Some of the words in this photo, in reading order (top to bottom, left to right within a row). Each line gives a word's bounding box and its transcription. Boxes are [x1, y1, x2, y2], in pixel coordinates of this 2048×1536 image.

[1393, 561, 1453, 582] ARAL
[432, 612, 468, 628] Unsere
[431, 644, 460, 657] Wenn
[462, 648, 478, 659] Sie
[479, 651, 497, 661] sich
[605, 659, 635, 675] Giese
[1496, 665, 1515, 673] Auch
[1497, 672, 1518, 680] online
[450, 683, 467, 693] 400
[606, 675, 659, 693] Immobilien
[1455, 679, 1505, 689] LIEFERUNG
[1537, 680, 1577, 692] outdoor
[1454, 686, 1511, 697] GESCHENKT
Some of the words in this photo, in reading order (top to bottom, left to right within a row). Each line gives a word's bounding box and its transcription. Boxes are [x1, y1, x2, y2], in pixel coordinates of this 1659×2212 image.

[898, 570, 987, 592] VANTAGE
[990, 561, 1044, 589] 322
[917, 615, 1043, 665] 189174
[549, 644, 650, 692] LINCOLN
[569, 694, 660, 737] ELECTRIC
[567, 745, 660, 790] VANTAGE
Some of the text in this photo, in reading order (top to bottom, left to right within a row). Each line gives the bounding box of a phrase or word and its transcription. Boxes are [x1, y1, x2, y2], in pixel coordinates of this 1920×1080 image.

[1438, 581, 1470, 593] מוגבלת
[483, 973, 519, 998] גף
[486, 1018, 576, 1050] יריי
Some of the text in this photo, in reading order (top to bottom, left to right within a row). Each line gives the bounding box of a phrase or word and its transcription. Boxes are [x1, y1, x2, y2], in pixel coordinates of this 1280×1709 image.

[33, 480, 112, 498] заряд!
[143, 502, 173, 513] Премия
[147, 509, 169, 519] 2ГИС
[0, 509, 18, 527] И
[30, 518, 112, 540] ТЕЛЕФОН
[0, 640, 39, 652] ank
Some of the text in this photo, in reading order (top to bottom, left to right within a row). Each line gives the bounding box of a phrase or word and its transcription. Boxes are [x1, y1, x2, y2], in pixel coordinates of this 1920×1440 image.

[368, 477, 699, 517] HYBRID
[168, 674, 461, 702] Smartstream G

Work instruction
Write out every record, exactly as written.

Response
Some of the words in this photo, in reading order (top to bottom, left to right within a row). Each line gives a word's bounding box and its transcription. Boxes are [x1, y1, x2, y2], in pixel coordinates of this 2048×1536 image.

[1393, 561, 1453, 582] ARAL
[432, 612, 468, 628] Unsere
[431, 644, 460, 657] Wenn
[462, 648, 478, 659] Sie
[479, 651, 497, 661] sich
[605, 659, 635, 675] Giese
[1496, 665, 1515, 673] Auch
[1497, 672, 1518, 680] online
[450, 683, 467, 693] 400
[606, 675, 659, 693] Immobilien
[1455, 679, 1505, 689] LIEFERUNG
[1537, 680, 1577, 692] outdoor
[1454, 686, 1511, 697] GESCHENKT
Some of the words in this photo, in reading order (top to bottom, left to right within a row). Each line gives a word's bounding box and its transcription. Boxes are [x1, y1, x2, y2], in pixel coordinates of this 1659×2212 image.

[898, 570, 987, 592] VANTAGE
[990, 561, 1044, 589] 322
[917, 615, 1043, 665] 189174
[549, 644, 650, 692] LINCOLN
[569, 694, 660, 737] ELECTRIC
[567, 745, 660, 790] VANTAGE
Some of the text in this photo, in reading order (top to bottom, left to right within a row). Each line gives the bounding box of a phrase or word and its transcription. Boxes are [x1, y1, x2, y2], in pixel coordinates of this 1920×1080 image.

[1438, 581, 1470, 593] מוגבלת
[483, 973, 519, 998] גף
[486, 1018, 576, 1050] יריי
Some of the text in this photo, in reading order (top to bottom, left to right within a row). Each line gives the bounding box of a phrase or word and its transcription. Boxes are [x1, y1, x2, y2], in pixel coordinates of this 1280×1709 image.

[33, 480, 112, 498] заряд!
[143, 502, 173, 513] Премия
[147, 509, 169, 519] 2ГИС
[0, 509, 18, 527] И
[30, 518, 112, 540] ТЕЛЕФОН
[0, 640, 39, 652] ank
Some of the text in this photo, in reading order (top to bottom, left to right within a row). Each line gives the bounding box of a phrase or word and its transcription. Boxes are [x1, y1, x2, y2], in pixel coordinates of this 1920×1440 image.

[368, 477, 699, 517] HYBRID
[168, 674, 461, 702] Smartstream G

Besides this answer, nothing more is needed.